> _WHAT THE TASK REQUIRES_
This calls for a word-for-word copy of all the data, with each picture removed.

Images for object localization
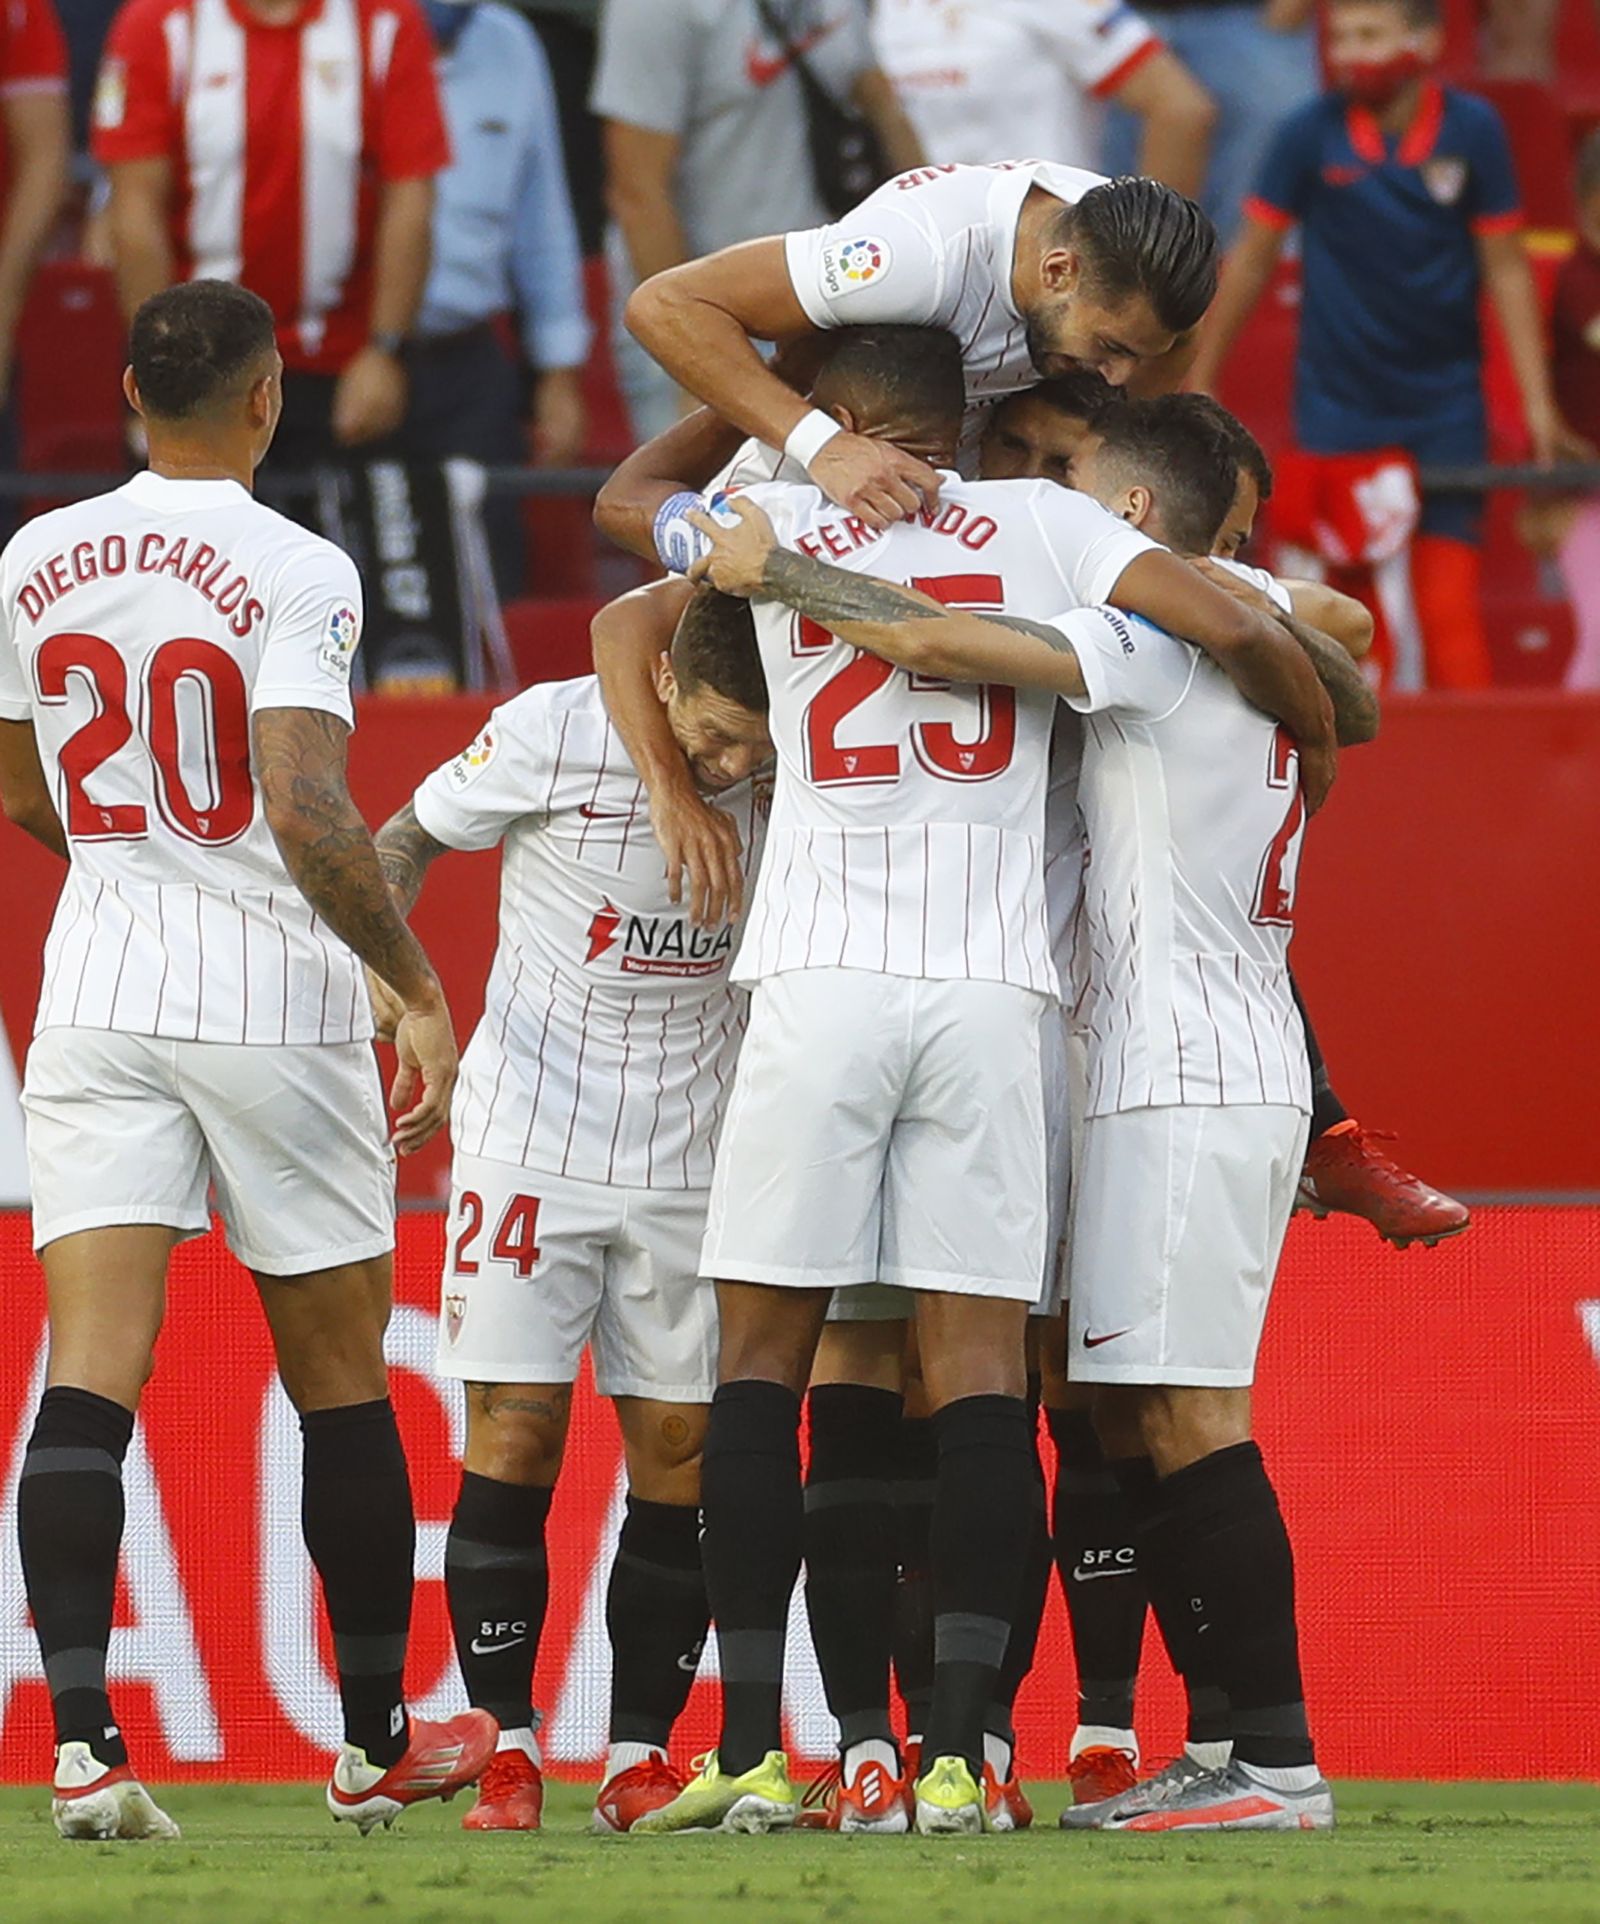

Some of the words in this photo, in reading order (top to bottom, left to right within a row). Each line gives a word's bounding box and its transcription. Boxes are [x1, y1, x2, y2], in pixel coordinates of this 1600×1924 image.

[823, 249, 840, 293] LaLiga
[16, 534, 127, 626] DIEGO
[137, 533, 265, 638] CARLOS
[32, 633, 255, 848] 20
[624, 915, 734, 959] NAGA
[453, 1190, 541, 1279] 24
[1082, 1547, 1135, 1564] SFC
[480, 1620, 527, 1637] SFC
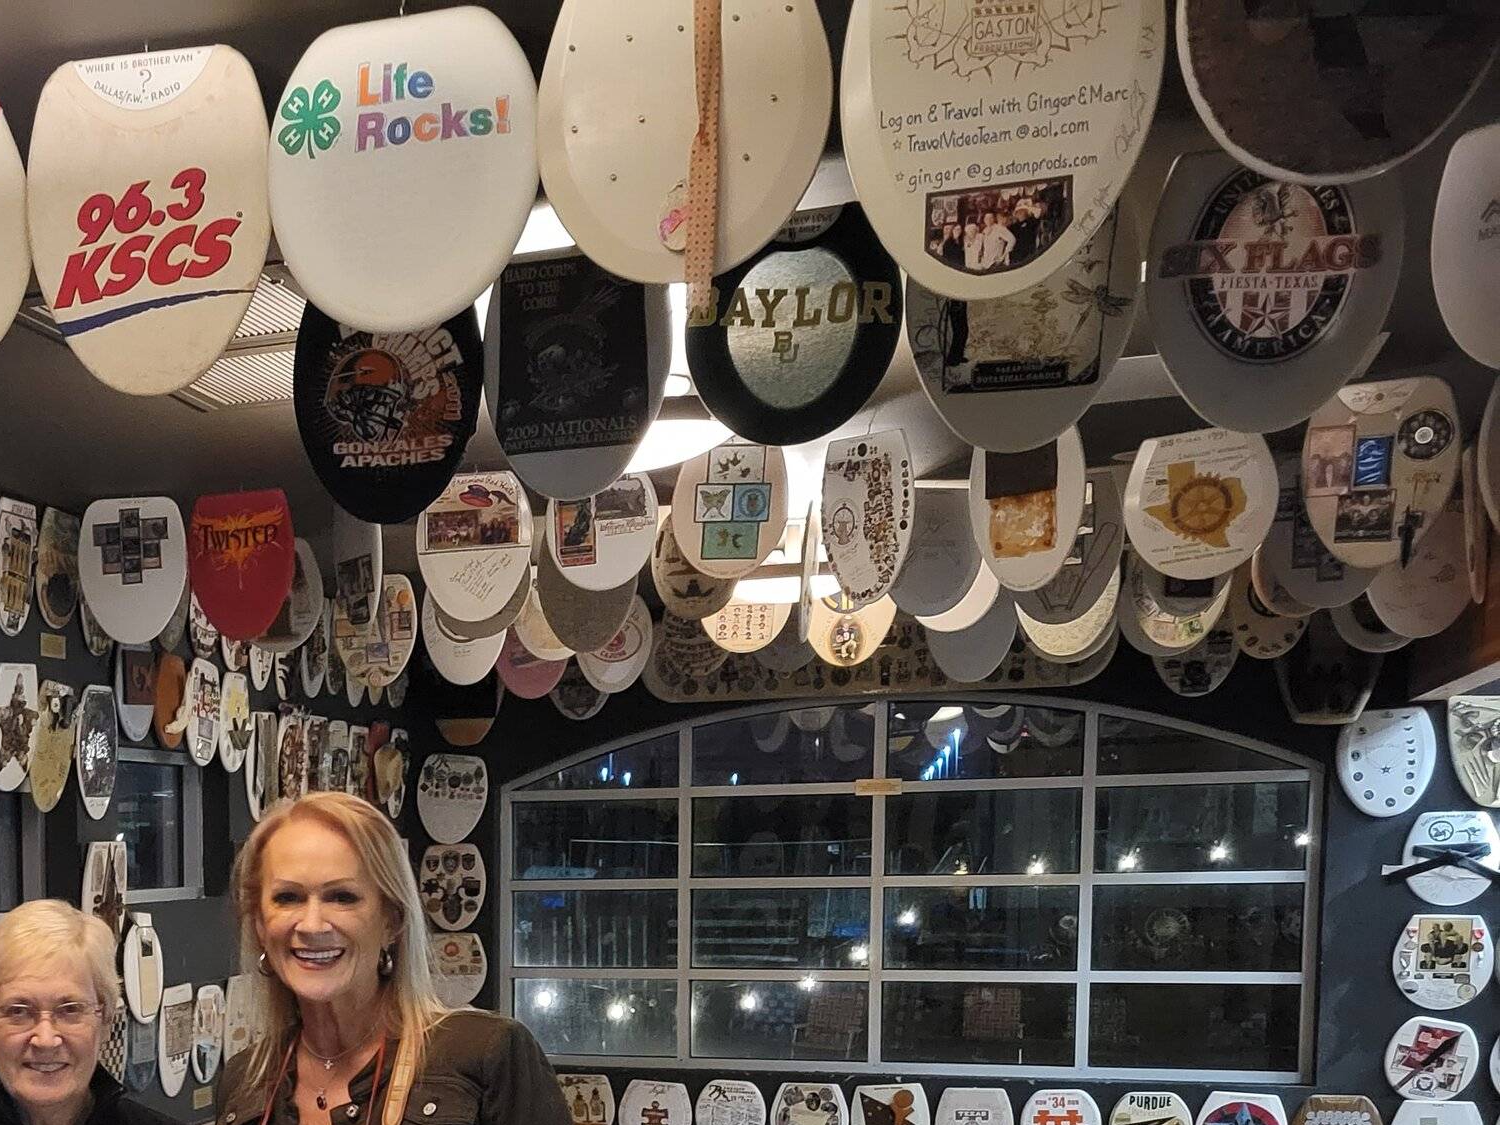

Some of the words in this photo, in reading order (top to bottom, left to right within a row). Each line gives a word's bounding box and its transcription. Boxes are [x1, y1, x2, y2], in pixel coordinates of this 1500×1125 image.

> _OUTPUT OF THE TASK_
Some of the words in this photo, in reading order (top to bottom, left to right within a row). Each line gives a word's bounding box and its transcription. Boxes are [x1, y1, x2, y2], in pixel coordinates of this 1600×1924 image.

[823, 249, 840, 293] LaLiga
[16, 534, 127, 626] DIEGO
[137, 533, 265, 638] CARLOS
[32, 633, 255, 848] 20
[624, 915, 734, 959] NAGA
[453, 1190, 541, 1279] 24
[1082, 1547, 1135, 1564] SFC
[480, 1620, 527, 1637] SFC

Some of the words in this photo, in reading order (top to bottom, left to right within a row). Each line gives a word's bounding box and its transcription. Boxes are [x1, y1, x2, y2], in pixel coordinates of this 1500×1125 image.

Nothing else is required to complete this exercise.